● Data:
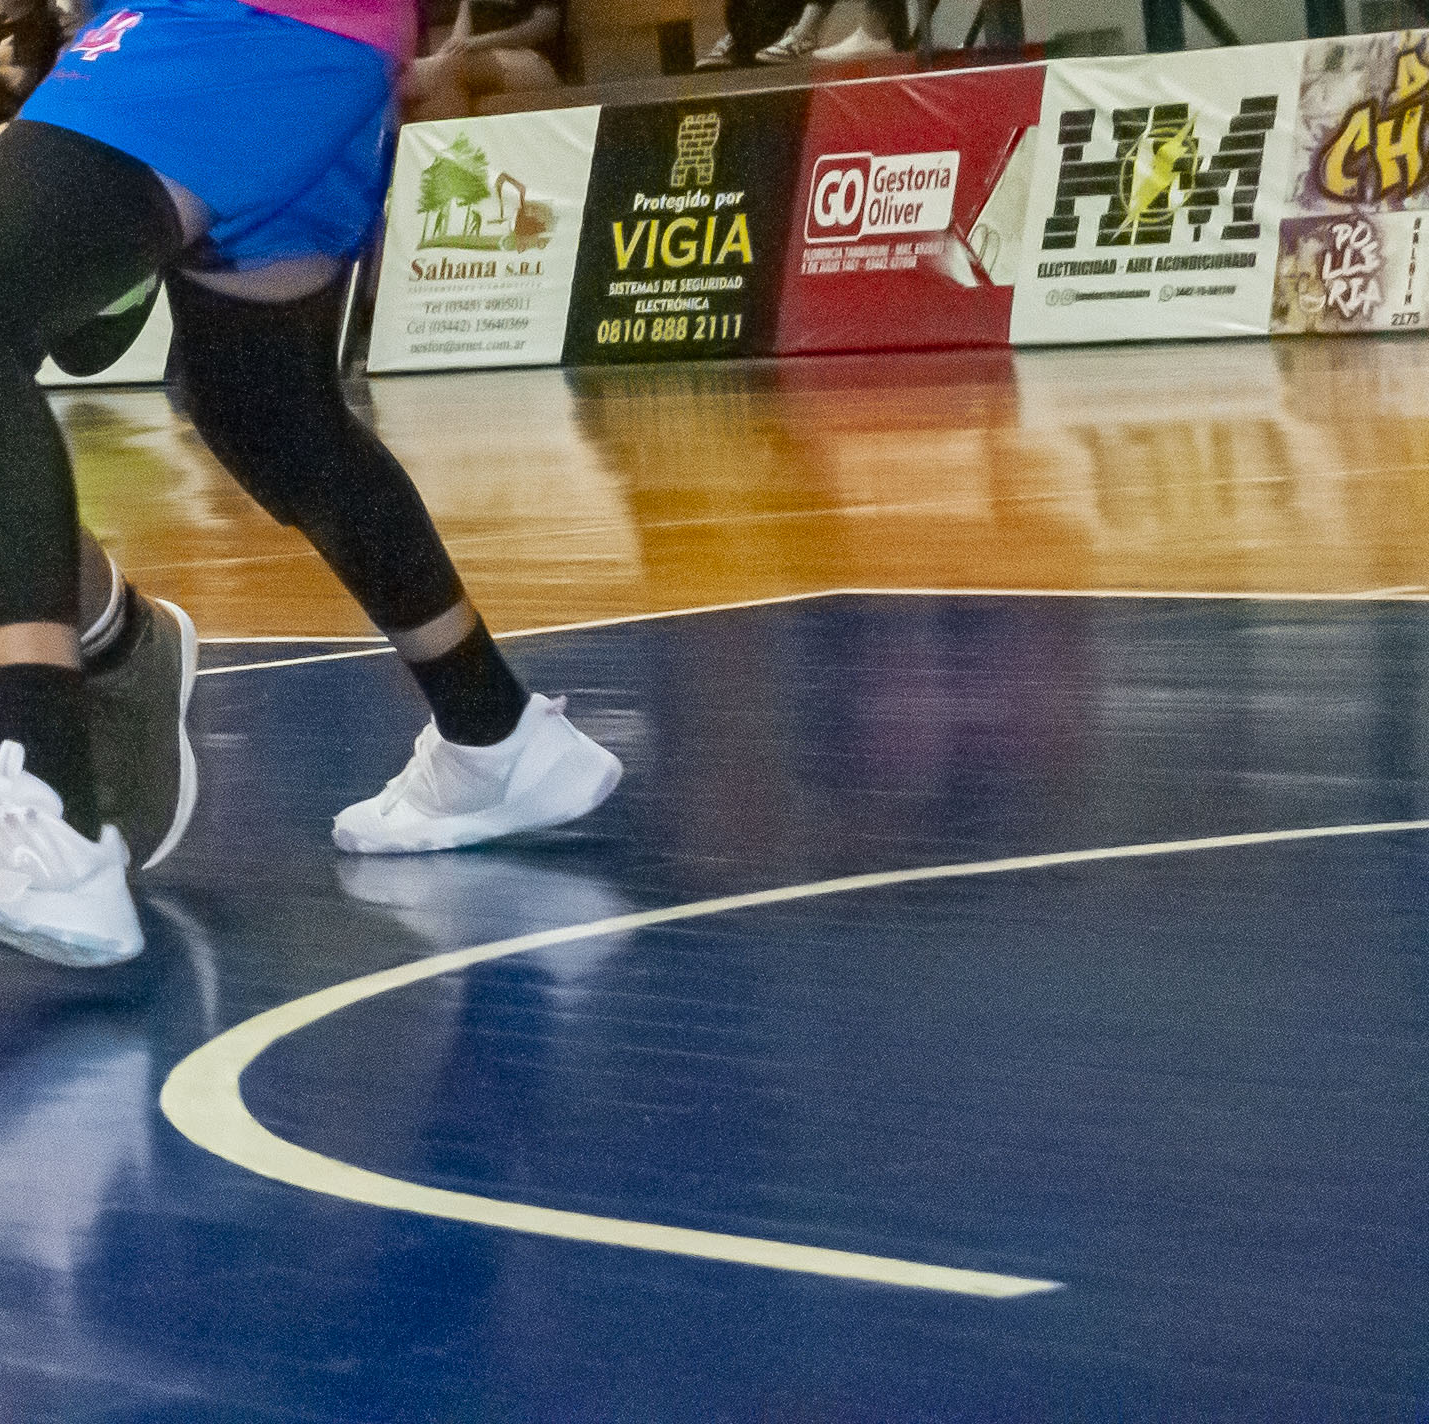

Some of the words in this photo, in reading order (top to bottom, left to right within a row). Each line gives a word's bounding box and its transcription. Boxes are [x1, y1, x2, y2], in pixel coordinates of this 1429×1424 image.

[633, 189, 711, 213] Protegido
[714, 190, 745, 211] por
[813, 168, 865, 227] GO
[868, 194, 924, 226] Oliver
[612, 212, 753, 271] VIGIA
[408, 257, 497, 283] Sahana
[1037, 259, 1117, 279] ELECTRICIDAD
[1155, 252, 1257, 272] ACONDICIONADO
[608, 280, 660, 297] SISTEMAS
[662, 279, 677, 294] DE
[679, 276, 743, 293] SEGURIDAD
[597, 319, 646, 344] 0810
[651, 316, 689, 342] 888
[693, 314, 742, 340] 2111

● Exercise: Output every entry exactly, leaving out pictures.

● Answer to the exercise:
Some of the words in this photo, in reading order (top to bottom, left to right within a row). Each line gives a word's bounding box and its transcription. Boxes are [x1, y1, x2, y2], in pixel coordinates of this 1429×1424 image.

[633, 189, 711, 213] Protegido
[714, 190, 745, 211] por
[813, 168, 865, 227] GO
[868, 194, 924, 226] Oliver
[612, 212, 753, 271] VIGIA
[408, 257, 497, 283] Sahana
[1037, 259, 1117, 279] ELECTRICIDAD
[1155, 252, 1257, 272] ACONDICIONADO
[608, 280, 660, 297] SISTEMAS
[662, 279, 677, 294] DE
[679, 276, 743, 293] SEGURIDAD
[597, 319, 646, 344] 0810
[651, 316, 689, 342] 888
[693, 314, 742, 340] 2111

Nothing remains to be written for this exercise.